_Brief_
For the word "ONLY", return each line of the data in which it occurs.

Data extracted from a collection
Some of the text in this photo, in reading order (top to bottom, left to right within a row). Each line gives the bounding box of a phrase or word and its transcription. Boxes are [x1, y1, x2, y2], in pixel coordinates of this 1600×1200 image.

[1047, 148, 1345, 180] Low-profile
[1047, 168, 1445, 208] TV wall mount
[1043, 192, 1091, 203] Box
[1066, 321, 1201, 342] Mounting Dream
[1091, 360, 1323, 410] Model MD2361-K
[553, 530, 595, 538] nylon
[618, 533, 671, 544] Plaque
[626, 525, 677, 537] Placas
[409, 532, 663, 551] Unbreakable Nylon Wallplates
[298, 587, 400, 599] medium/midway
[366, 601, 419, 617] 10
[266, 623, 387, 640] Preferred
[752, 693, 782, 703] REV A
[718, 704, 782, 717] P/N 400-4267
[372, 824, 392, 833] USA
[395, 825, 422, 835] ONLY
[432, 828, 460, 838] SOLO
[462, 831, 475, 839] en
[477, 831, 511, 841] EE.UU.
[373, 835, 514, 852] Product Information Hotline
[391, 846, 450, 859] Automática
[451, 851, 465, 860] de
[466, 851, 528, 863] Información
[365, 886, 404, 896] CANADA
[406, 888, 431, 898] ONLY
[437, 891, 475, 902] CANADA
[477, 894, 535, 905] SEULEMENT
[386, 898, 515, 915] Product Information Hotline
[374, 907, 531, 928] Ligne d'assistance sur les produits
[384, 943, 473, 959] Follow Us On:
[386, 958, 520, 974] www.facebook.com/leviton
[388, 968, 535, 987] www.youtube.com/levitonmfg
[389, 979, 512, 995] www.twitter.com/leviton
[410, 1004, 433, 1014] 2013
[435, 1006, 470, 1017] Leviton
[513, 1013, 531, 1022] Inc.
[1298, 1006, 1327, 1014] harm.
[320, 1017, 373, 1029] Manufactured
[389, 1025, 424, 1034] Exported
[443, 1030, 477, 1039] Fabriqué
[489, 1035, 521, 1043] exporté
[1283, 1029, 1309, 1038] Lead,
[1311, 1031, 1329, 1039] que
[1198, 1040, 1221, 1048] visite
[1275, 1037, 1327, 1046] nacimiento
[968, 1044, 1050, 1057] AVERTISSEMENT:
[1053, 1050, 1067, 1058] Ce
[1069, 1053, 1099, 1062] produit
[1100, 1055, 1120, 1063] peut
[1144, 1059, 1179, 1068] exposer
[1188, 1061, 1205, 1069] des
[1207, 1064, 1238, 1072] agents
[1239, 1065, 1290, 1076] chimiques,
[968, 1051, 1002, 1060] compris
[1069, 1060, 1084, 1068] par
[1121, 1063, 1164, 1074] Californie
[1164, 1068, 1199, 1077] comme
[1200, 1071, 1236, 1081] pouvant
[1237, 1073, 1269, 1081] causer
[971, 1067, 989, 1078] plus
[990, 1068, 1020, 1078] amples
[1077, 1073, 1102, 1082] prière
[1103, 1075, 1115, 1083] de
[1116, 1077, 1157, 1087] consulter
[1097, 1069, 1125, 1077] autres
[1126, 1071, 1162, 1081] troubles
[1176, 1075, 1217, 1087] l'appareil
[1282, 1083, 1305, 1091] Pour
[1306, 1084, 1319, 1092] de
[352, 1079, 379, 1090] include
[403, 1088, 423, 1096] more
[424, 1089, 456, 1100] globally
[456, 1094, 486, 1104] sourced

_Response area_
[395, 825, 422, 835] ONLY
[406, 888, 431, 898] ONLY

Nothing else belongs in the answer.